■ **Your objective**: Retype the data below verbatim; pictures do not belong in the copy.

(Extracted records Opens)

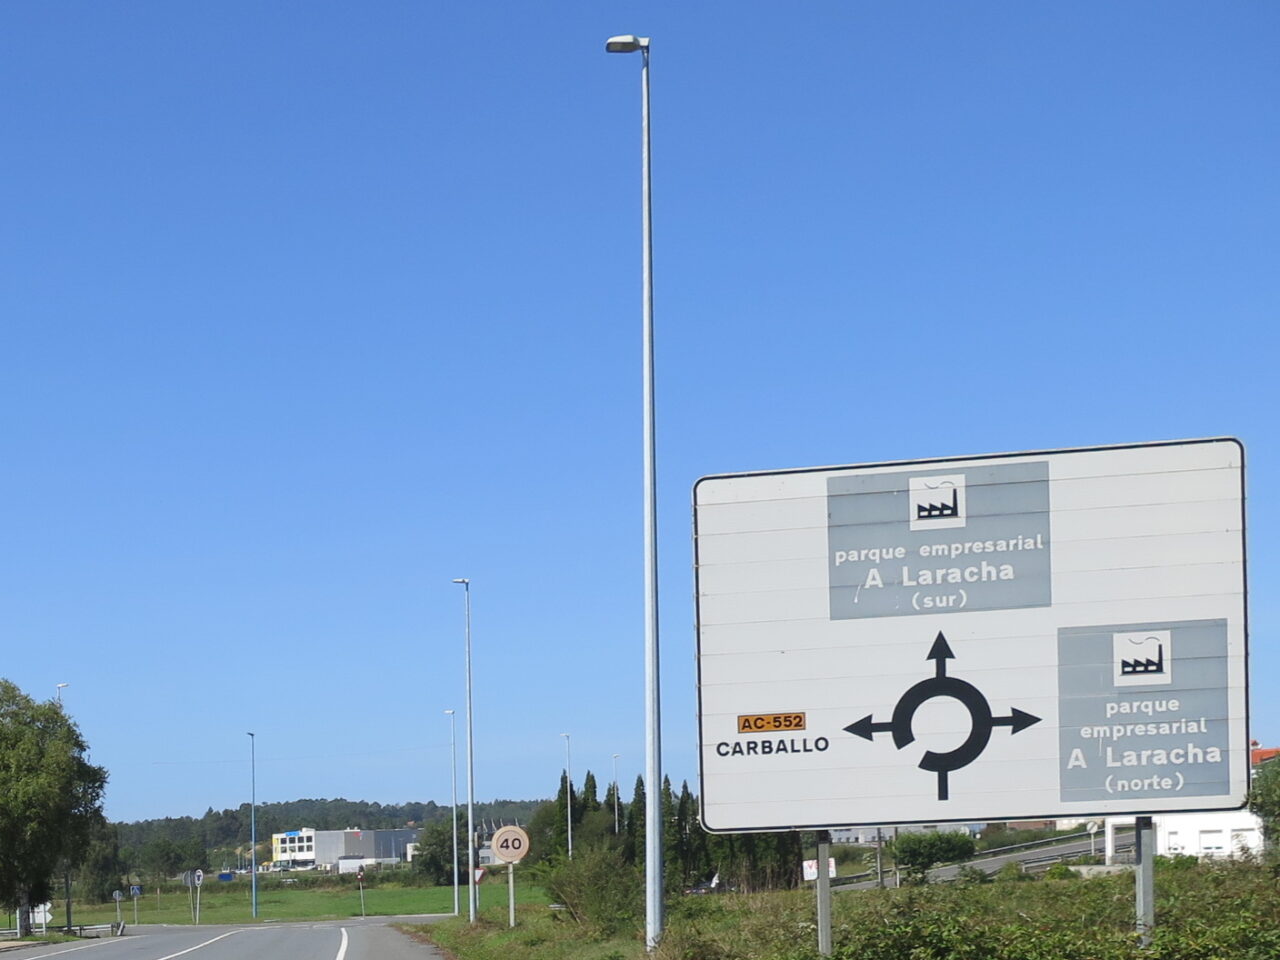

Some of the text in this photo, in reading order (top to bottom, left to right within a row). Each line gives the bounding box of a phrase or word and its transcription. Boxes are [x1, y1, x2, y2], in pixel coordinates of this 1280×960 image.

[835, 534, 1043, 566] parque empresarial
[864, 561, 1014, 588] A Laracha
[912, 589, 967, 609] (sur)
[1106, 699, 1180, 718] parque
[741, 715, 803, 730] AC-552
[1080, 717, 1207, 741] empresarial
[716, 737, 829, 756] CARBALLO
[1067, 743, 1222, 769] A Laracha
[1105, 772, 1184, 793] (norte)
[500, 838, 522, 850] 40

(Extracted records Closes)

■ **Reply**:
Some of the text in this photo, in reading order (top to bottom, left to right within a row). Each line gives the bounding box of a phrase or word and its transcription. Boxes are [x1, y1, x2, y2], in pixel coordinates of this 1280×960 image.

[835, 534, 1043, 566] parque empresarial
[864, 561, 1014, 588] A Laracha
[912, 589, 967, 609] (sur)
[1106, 699, 1180, 718] parque
[741, 715, 803, 730] AC-552
[1080, 717, 1207, 741] empresarial
[716, 737, 829, 756] CARBALLO
[1067, 743, 1222, 769] A Laracha
[1105, 772, 1184, 793] (norte)
[500, 838, 522, 850] 40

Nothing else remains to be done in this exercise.